2 His defence was a recital of things done, res gestae, against the charge that his work was trickery achieved by bribes; cf.  Tac. Ann. I.2. "Militem donis, populum annona, cunctos dulcedine otii pellexit." The original is lost, but copies exist at Ancyra in Galatia (in Latin) and at Apollonia in Pisidia (in Greek), and fragments of another at Antioch in Pisidia. See Hardy's ed. of Mon. Anc., Introd.

3 Corneille has caught his temper:

"J'ai souhaité l'empire, et j'y suis parvenu ;

Mais en le souhaitant je ne l'ai pas connu.

Dans sa possession j'ai trouvé pour tous charmes

D'effroyable soucis, d'éternelles alarmes :

Mille ennemis secrets, la mort à tout propos,

Point de plaisir sans peine, et jamais de repos."

4 See on this point the remarks of W. Weber in Princeps, Studien zur Geschichte des Augustus (1934), 9 sqq.

5 ad Att. XII.1936.

6 "per illum se vivere, per illum navigare, libertate atque fortunis per illum frui." Suet. Div. Aug. 98.

7 νύξ δ’ ἤδη τελέθει· ἀγαθὸν καὶ νυκτὶ πιθέσθαι. Iliad, VII.282.

8 Suet. Div. Aug. 99 sqq.; Vell. II.123; Dio LVI.30 sqq.; Tac. Ann. I.5 sqq.; Pliny N. H. VII.150; Plutarch, de garrulitate 11. There is some baseless scandal in Tacitus and Dio which is examined by M. P. Charlesworth, A. J. Phil. (1923), XLIV.145‑57.

9 LVI.35‑41.

10 Dio LVI.46.

11 Politics I.2.8.

12 E.g. Plato's conception of justice as each man doing his proper task (τὸ τὰ αὐτοῦ πράττειν), and Aristotle's definition of health as a "harmony of functions."

13 Thucydides II.37.2.

14 Seneca, Ep. LI.6.

15 316 sqq.

16 Claudian, de cons. Stilich. III.150‑60. The translation is by my friend, the late Professor J. S. Phillimore of Glasgow.

17 Hor. Ars Poet. 70‑1.


Thayer's Notes:

a A mistake. There was no eclipse of the sun, whether total, annular, or partial, seen anywhere in the Roman Empire in A.D. 14. The last solar eclipse to be visible in the empire had been on Aug. 10, 2 B.C., sixteen years before the death of Augustus: the path of totality came from the Arctic to end in Jutland, so that nearby areas of Gallia Belgica and Germany must have seen the eclipse as partial. The bulk of the empire, including Rome, never saw it at all.

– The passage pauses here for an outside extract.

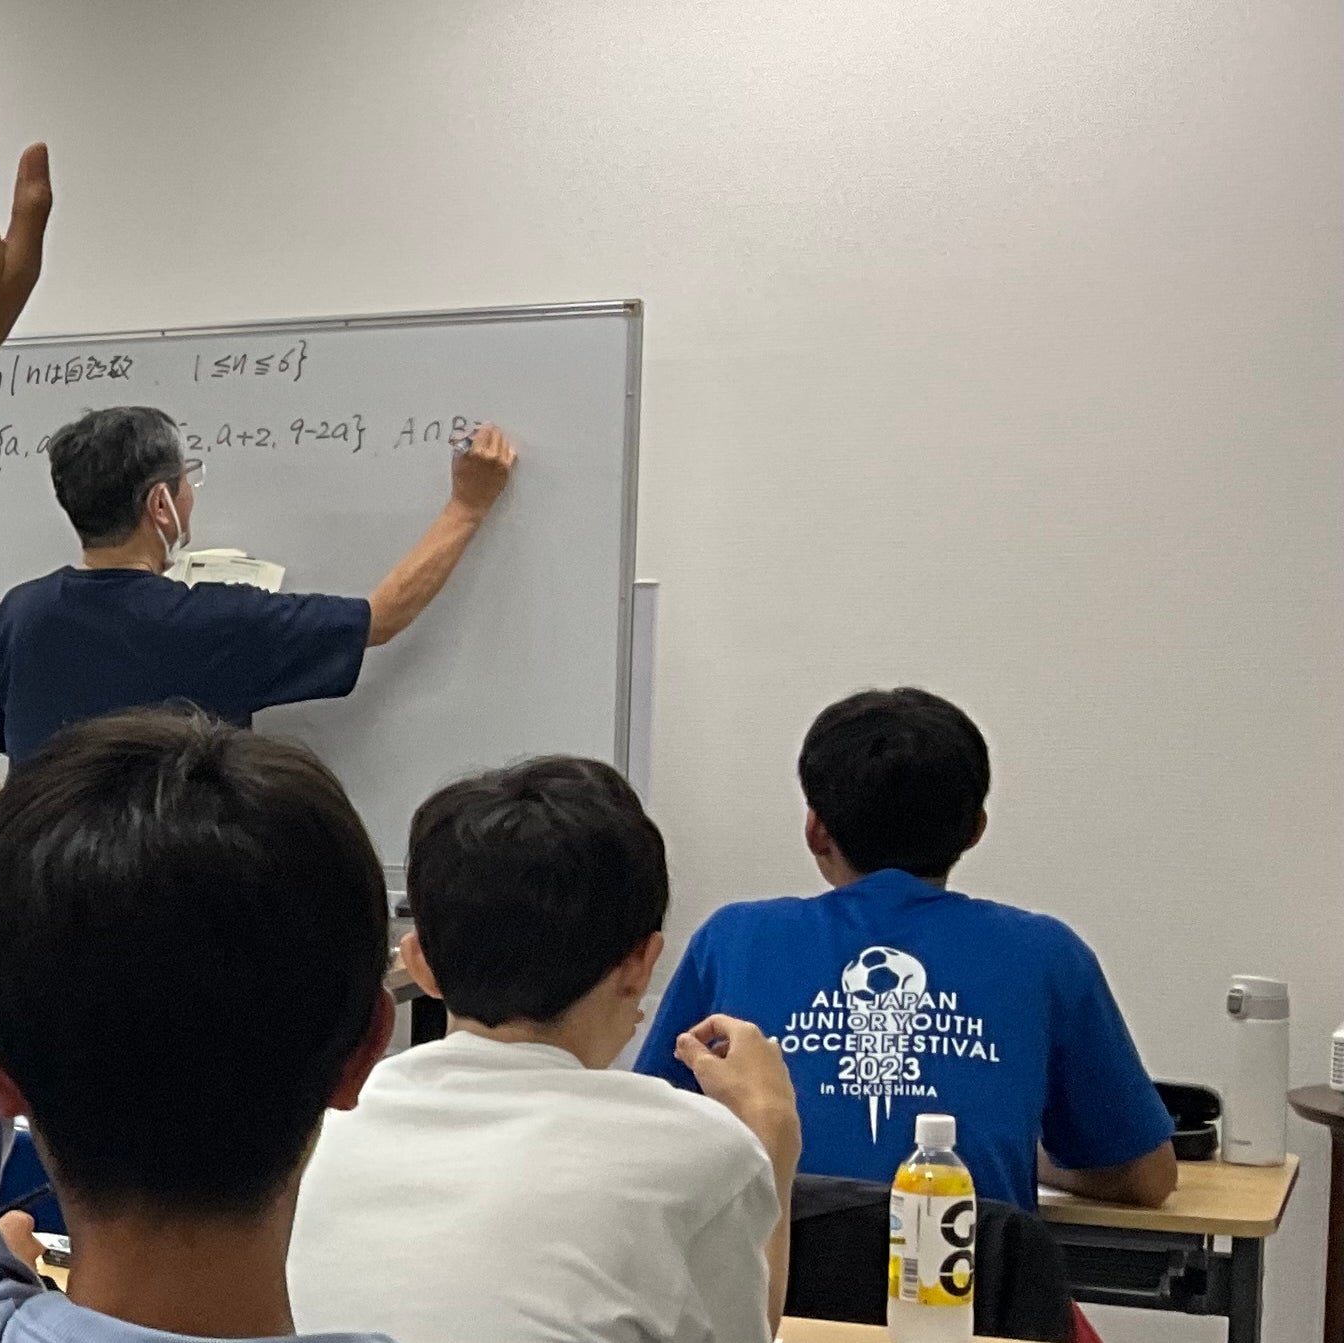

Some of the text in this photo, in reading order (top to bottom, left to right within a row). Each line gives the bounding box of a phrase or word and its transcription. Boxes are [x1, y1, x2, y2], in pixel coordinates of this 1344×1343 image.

The mistake was not exactly Buchan's, though: the statement is made by Cassius Dio (LVI.29.3) — my thanks to historian Imogen Rhia Herrad for the heads‑up — or at least as filtered thru Xiphilinus and Zonaras: ὅ τε γὰρ ἥλιος ἅπας ἐξέλιπε; quite unambiguously, a total (ἅπας) eclipse at that. The mystery remains entire; to me, at least.

b The reader will notice that the details that follow are very slightly off, probably for style and readability; the exception, so it seems to me, being the two funeral orations: did the cortège really double back to the Temple of Julius, or was Tiberius' eulogy there the first of the two rather than the second?